(Stored dataset items)
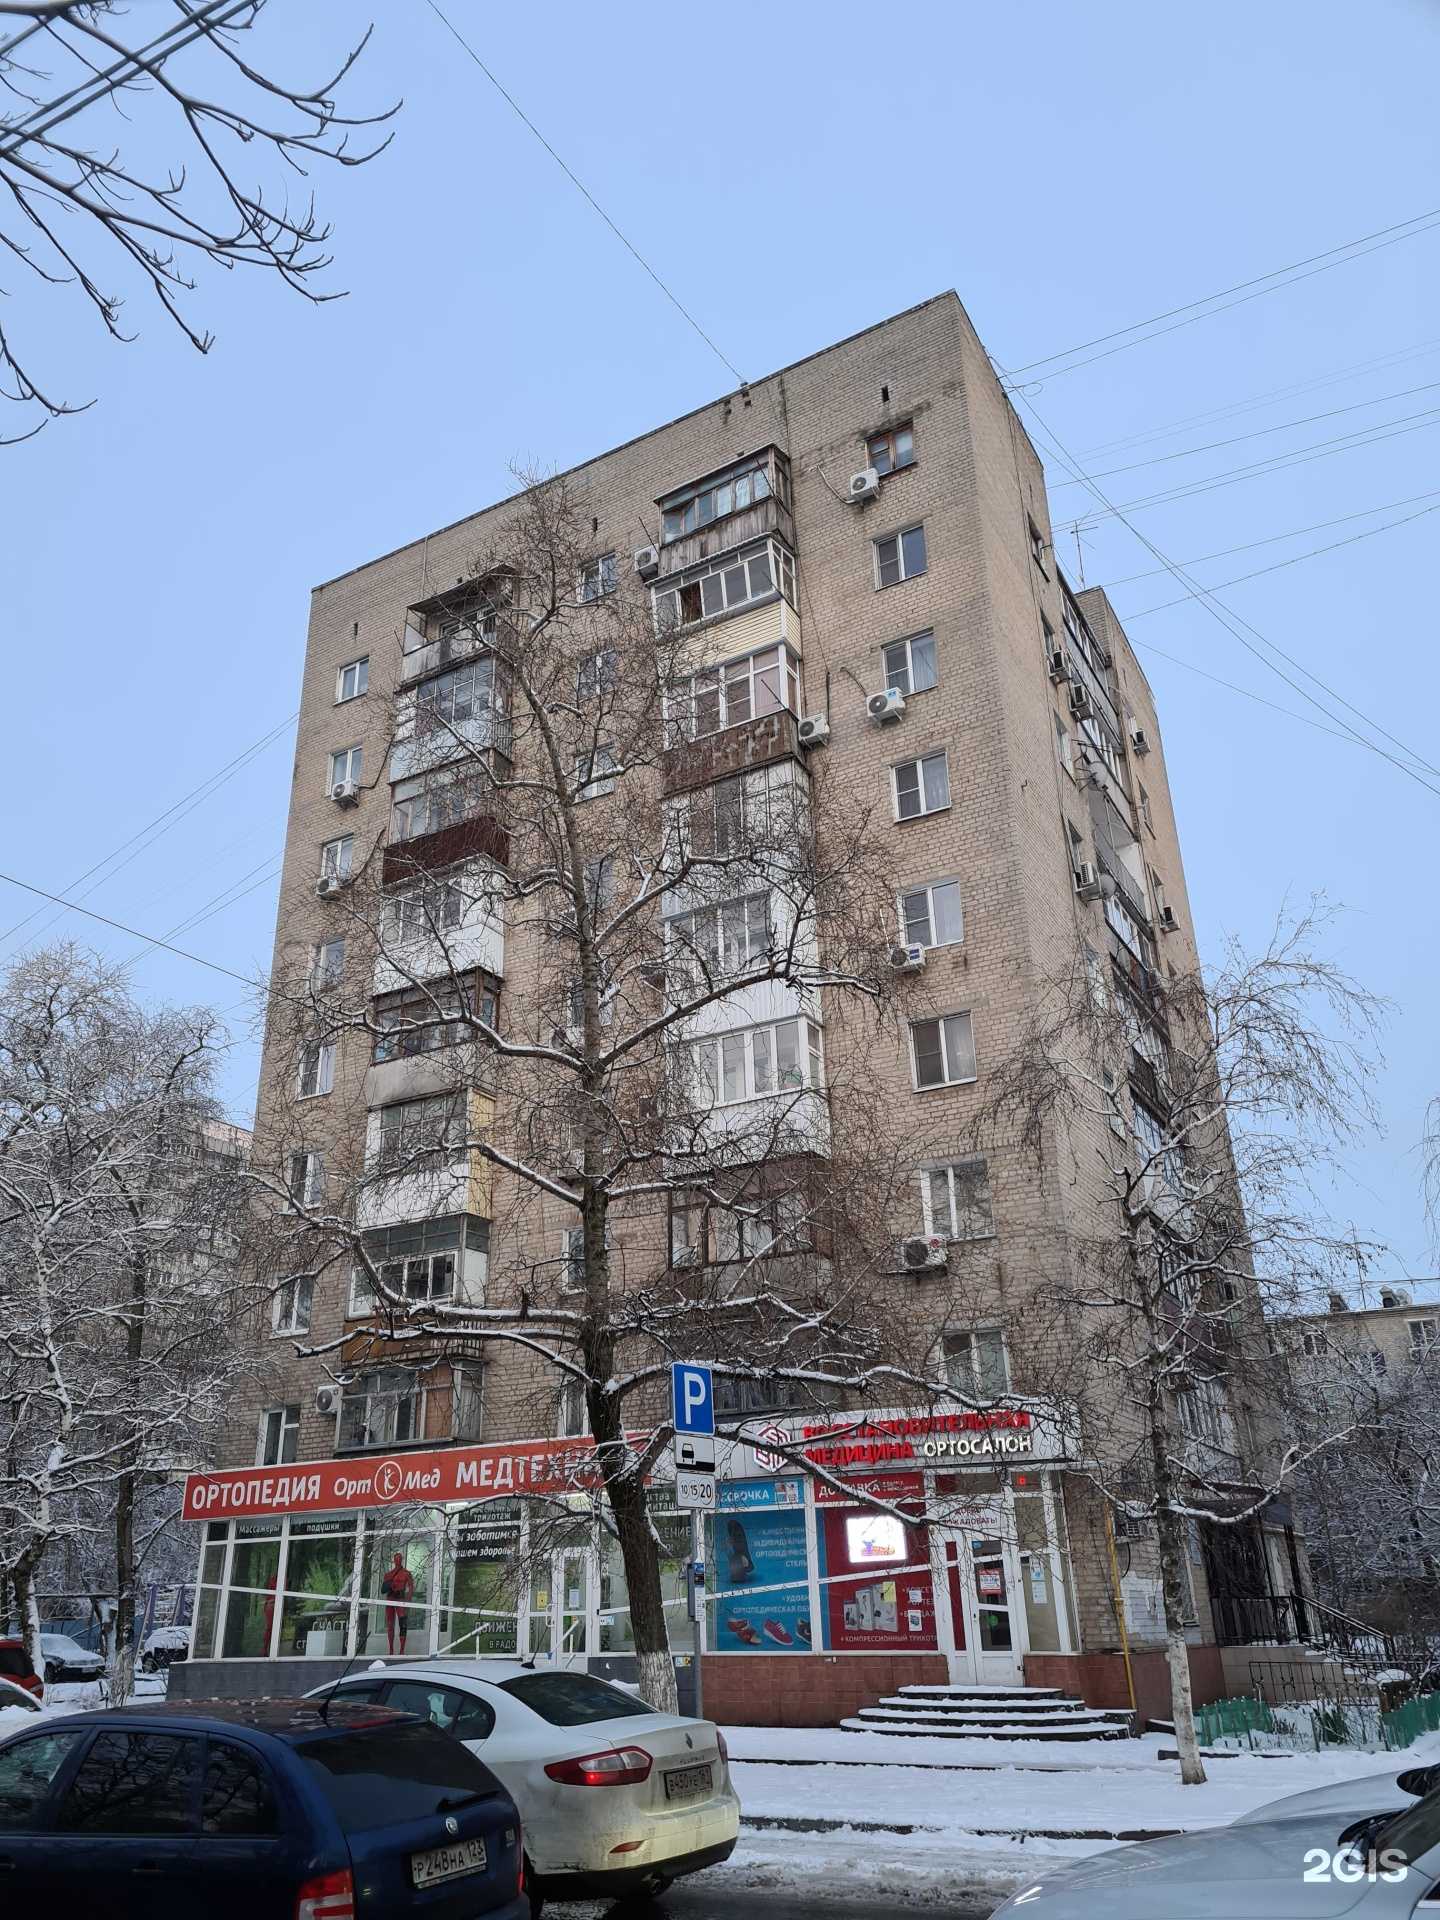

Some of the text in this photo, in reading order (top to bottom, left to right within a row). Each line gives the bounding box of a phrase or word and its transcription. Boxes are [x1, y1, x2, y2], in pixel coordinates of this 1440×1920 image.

[684, 1372, 706, 1425] P
[803, 1434, 1033, 1466] МЕДИЦИНА ОРТОСАЛОН
[192, 1474, 321, 1510] ОРТОПЕДИЯ
[404, 1468, 441, 1490] Мед
[681, 1484, 712, 1498] 10 15 20
[306, 1523, 340, 1533] подушки

=== Try it ===
The expected output is every record above, copied exactly, without pictures.

=== Response for this exercise ===
Some of the text in this photo, in reading order (top to bottom, left to right within a row). Each line gives the bounding box of a phrase or word and its transcription. Boxes are [x1, y1, x2, y2], in pixel coordinates of this 1440×1920 image.

[684, 1372, 706, 1425] P
[803, 1434, 1033, 1466] МЕДИЦИНА ОРТОСАЛОН
[192, 1474, 321, 1510] ОРТОПЕДИЯ
[404, 1468, 441, 1490] Мед
[681, 1484, 712, 1498] 10 15 20
[306, 1523, 340, 1533] подушки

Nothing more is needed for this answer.